Aim of the task
The copy has to match the data exactly and leave out every picture.

Entries provided

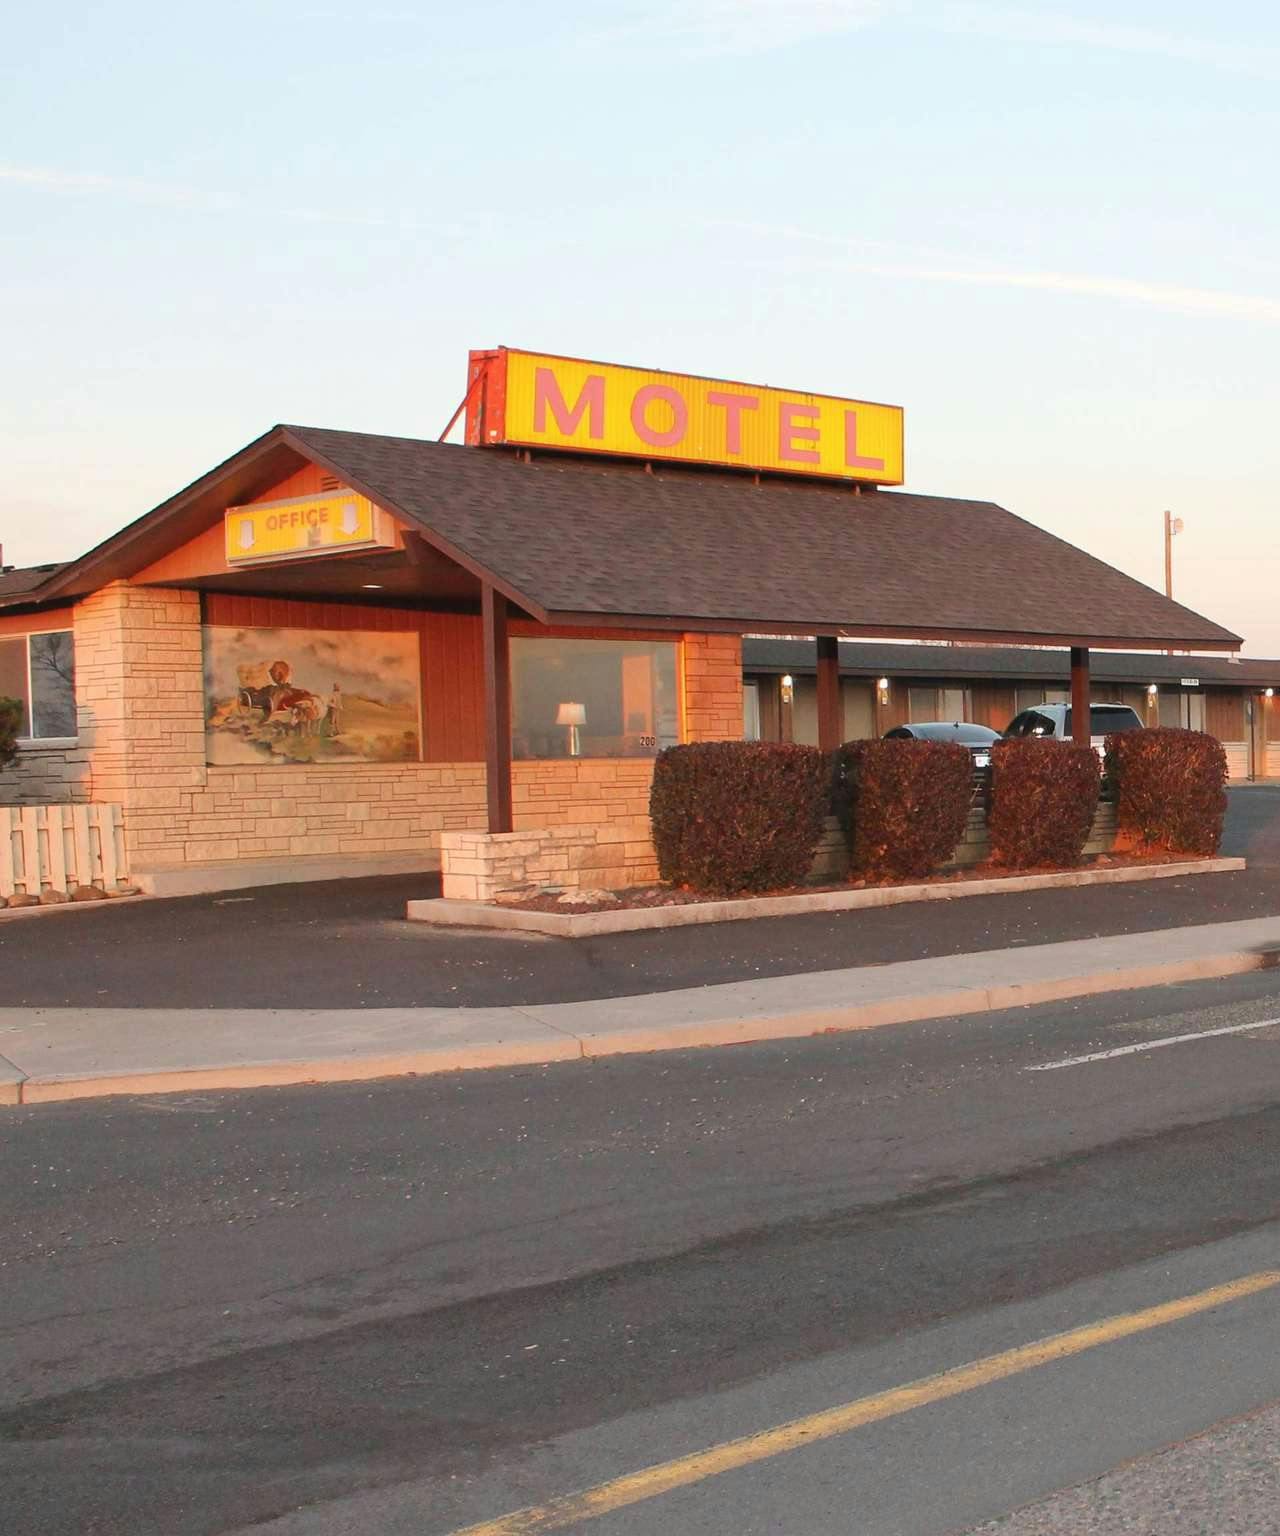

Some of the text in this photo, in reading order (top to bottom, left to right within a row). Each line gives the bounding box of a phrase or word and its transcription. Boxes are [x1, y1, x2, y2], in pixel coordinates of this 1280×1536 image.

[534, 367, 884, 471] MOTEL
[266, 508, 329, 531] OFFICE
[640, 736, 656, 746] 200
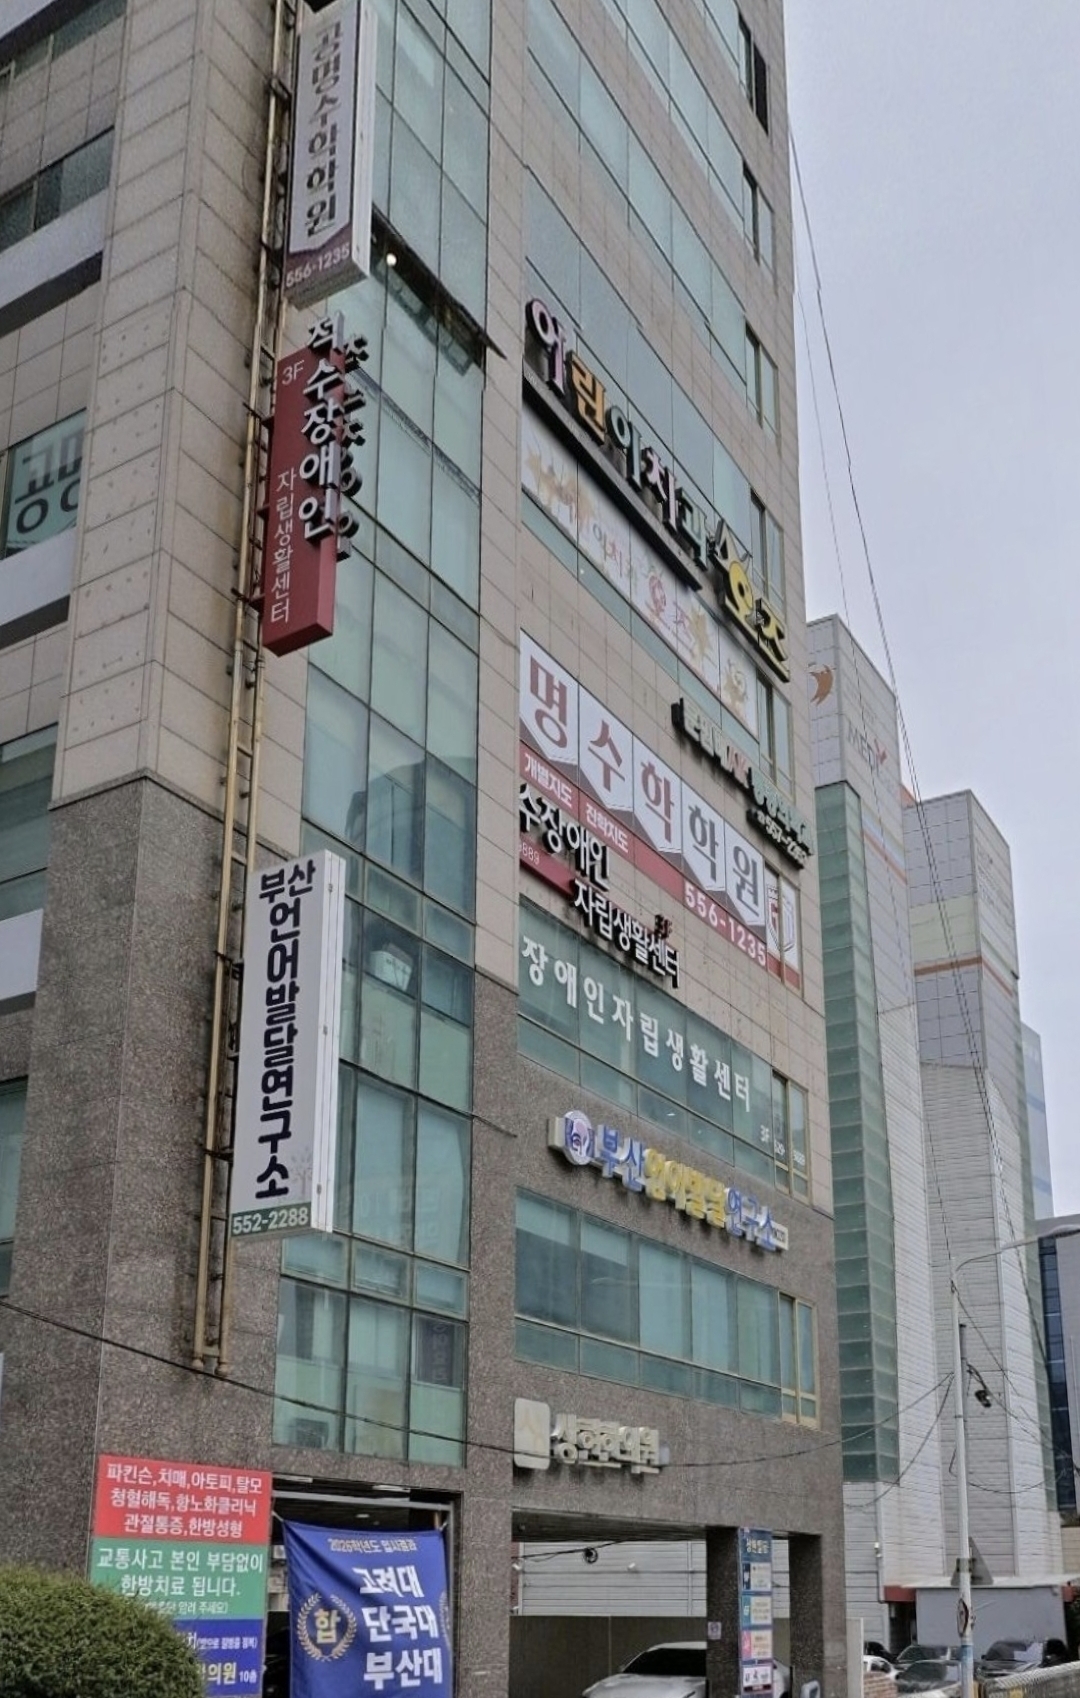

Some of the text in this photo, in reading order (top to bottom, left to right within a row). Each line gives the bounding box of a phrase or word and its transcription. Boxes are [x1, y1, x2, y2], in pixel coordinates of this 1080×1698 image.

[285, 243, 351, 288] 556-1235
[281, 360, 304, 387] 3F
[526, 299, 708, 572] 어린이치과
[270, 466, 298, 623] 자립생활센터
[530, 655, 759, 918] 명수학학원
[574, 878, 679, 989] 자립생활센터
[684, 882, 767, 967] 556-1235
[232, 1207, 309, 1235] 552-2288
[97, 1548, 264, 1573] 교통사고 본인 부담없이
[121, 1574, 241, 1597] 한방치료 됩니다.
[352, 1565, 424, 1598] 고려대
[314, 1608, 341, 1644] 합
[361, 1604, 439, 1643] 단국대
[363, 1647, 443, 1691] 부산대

Solved problem
Some of the text in this photo, in reading order (top to bottom, left to right within a row). Each line gives the bounding box of a phrase or word and its transcription. Boxes are [x1, y1, x2, y2], in pixel coordinates of this 1280×1536 image.

[534, 367, 884, 471] MOTEL
[266, 508, 329, 531] OFFICE
[640, 736, 656, 746] 200

Some of the text in this photo, in reading order (top to bottom, left to right within a row). Each line gives the bounding box of a phrase or word and its transcription. Boxes are [x1, y1, x2, y2], in pixel coordinates of this 1080×1698 image.

[285, 243, 351, 288] 556-1235
[281, 360, 304, 387] 3F
[526, 299, 708, 572] 어린이치과
[270, 466, 298, 623] 자립생활센터
[530, 655, 759, 918] 명수학학원
[574, 878, 679, 989] 자립생활센터
[684, 882, 767, 967] 556-1235
[232, 1207, 309, 1235] 552-2288
[97, 1548, 264, 1573] 교통사고 본인 부담없이
[121, 1574, 241, 1597] 한방치료 됩니다.
[352, 1565, 424, 1598] 고려대
[314, 1608, 341, 1644] 합
[361, 1604, 439, 1643] 단국대
[363, 1647, 443, 1691] 부산대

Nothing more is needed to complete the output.